United States Court of Appeals, Fourth Circuit.
Argued: March 13, 2007.
Decided: May 17, 2007.
ARGUED: Steven Bret Ramsdell, Tyler, Bartl, Gorman & Ramsdell, P.L.C., Alexandria, Virginia, for Appellant. Benjamin C. Ackerly, Sr., Hunton & Williams, Richmond, Virginia, for Appellee. ON BRIEF: Thomas P. Gorman, Tyler, Bartl, Gorman & Ramsdell, P.L.C., Alexandria, Virginia, for Appellant. Michael C. Shepherd, Hunton & Williams, Richmond, Virginia, for Appellee.
Before SHEDD and DUNCAN, Circuit Judges, and SAMUEL G. WILSON, United States District Judge for the Western District of Virginia, sitting by designation.
Affirmed in part, vacated in part, and remanded with instructions by published opinion. Judge WILSON wrote the opinion, in which Judge SHEDD and Judge DUNCAN joined.
WILSON, District Judge.
This is an appeal by appellant, Chapter 11 debtor, Valley Historic Limited Partnership ("Debtor"), from the district court's determination that the bankruptcy court lacked jurisdiction over the Debtor's post-confirmation adversary proceeding against appellee, the Bank of New York ("Bank"), for breach of contract and for tortious interference. We affirm the district court's determination that the bankruptcy court lacked jurisdiction.

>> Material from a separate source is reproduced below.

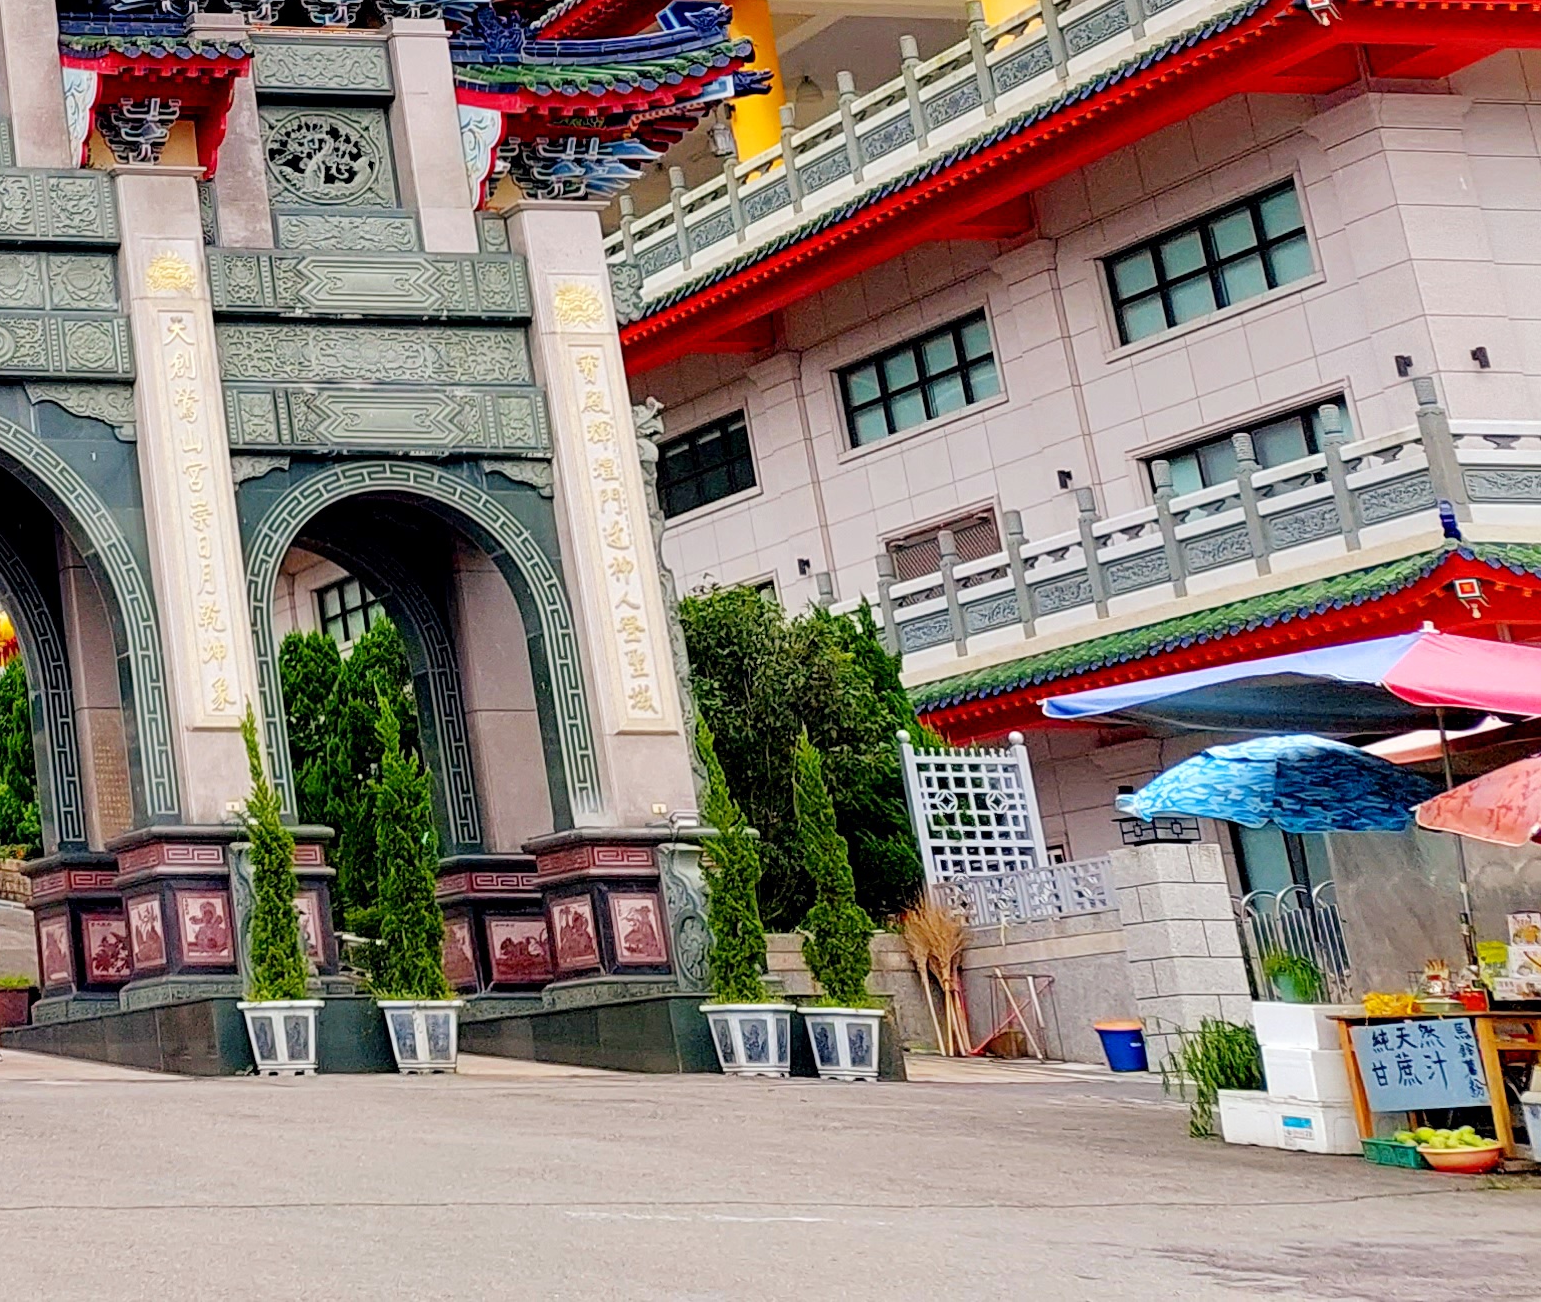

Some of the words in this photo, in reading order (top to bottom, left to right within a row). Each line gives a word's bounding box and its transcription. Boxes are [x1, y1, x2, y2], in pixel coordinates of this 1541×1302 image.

In May 1992, Valley Historic Properties, Inc. ("Borrower") acquired two office buildings in downtown Staunton, Virginia. The Borrower financed the acquisition and renovation of the buildings through the issuance of economic development bonds. First Vantage Bank, First Virginia Bank, Inc., and First Bank & Trust Co. owned the beneficial interest in the bonds. The bonds were payable solely from revenues derived from payments under a loan agreement and promissory note, which were ultimately assigned to the Bank as successor indenture trustee. The loan agreement, which was secured by a first priority lien on the property and an assignment of leases, rents, and profits, called for scheduled payments over a ten-year period, with all payments to have been completed by May 2002. Lease payments, under a ten-year lease of the property by a single tenant, Valley Community Services Board, provided the Borrower the source of funds to make the monthly payments to the Bank that the loan agreement required. Following the execution of the loan agreement and the issuance of the bonds, the Borrower conveyed its interest in the property to the Debtor.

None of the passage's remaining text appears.